### EXERCISE AIM
Before you return the entries below, strip out the pictures and keep all else exact.

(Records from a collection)

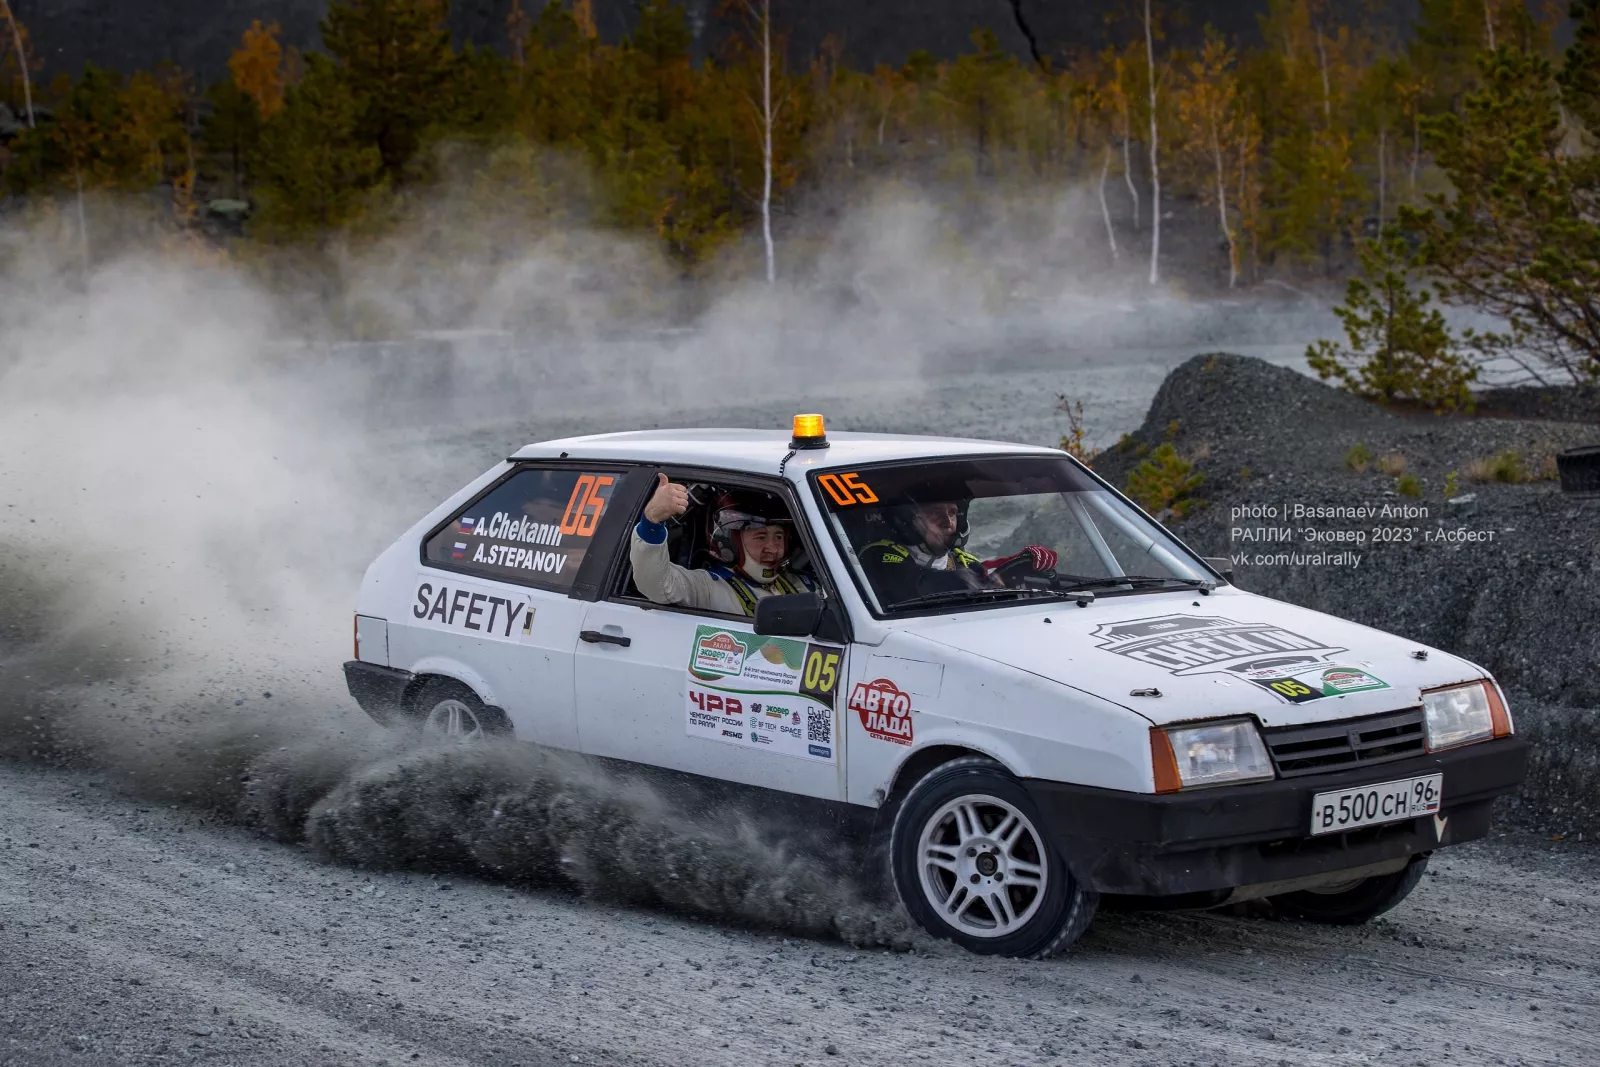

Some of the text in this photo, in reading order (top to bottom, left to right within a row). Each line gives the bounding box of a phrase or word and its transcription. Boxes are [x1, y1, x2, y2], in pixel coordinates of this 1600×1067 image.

[818, 472, 880, 506] 05
[560, 475, 615, 537] 05
[473, 543, 567, 574] A.STEPANOV
[413, 583, 525, 637] SAFETY
[804, 650, 839, 693] 05
[1270, 680, 1311, 697] 05
[689, 690, 743, 716] ЧРР
[850, 686, 909, 718] АВТО
[689, 711, 744, 728] ЧЕМПИОНАТ РОССИИ
[765, 722, 777, 731] TECH
[780, 725, 802, 736] SPACE
[866, 711, 912, 738] ЛАДА
[1414, 779, 1434, 804] 96
[1411, 802, 1426, 812] RUS

### TASK SOLUTION
Some of the text in this photo, in reading order (top to bottom, left to right within a row). Each line gives the bounding box of a phrase or word and its transcription. Boxes are [x1, y1, x2, y2], in pixel coordinates of this 1600×1067 image.

[818, 472, 880, 506] 05
[560, 475, 615, 537] 05
[473, 543, 567, 574] A.STEPANOV
[413, 583, 525, 637] SAFETY
[804, 650, 839, 693] 05
[1270, 680, 1311, 697] 05
[689, 690, 743, 716] ЧРР
[850, 686, 909, 718] АВТО
[689, 711, 744, 728] ЧЕМПИОНАТ РОССИИ
[765, 722, 777, 731] TECH
[780, 725, 802, 736] SPACE
[866, 711, 912, 738] ЛАДА
[1414, 779, 1434, 804] 96
[1411, 802, 1426, 812] RUS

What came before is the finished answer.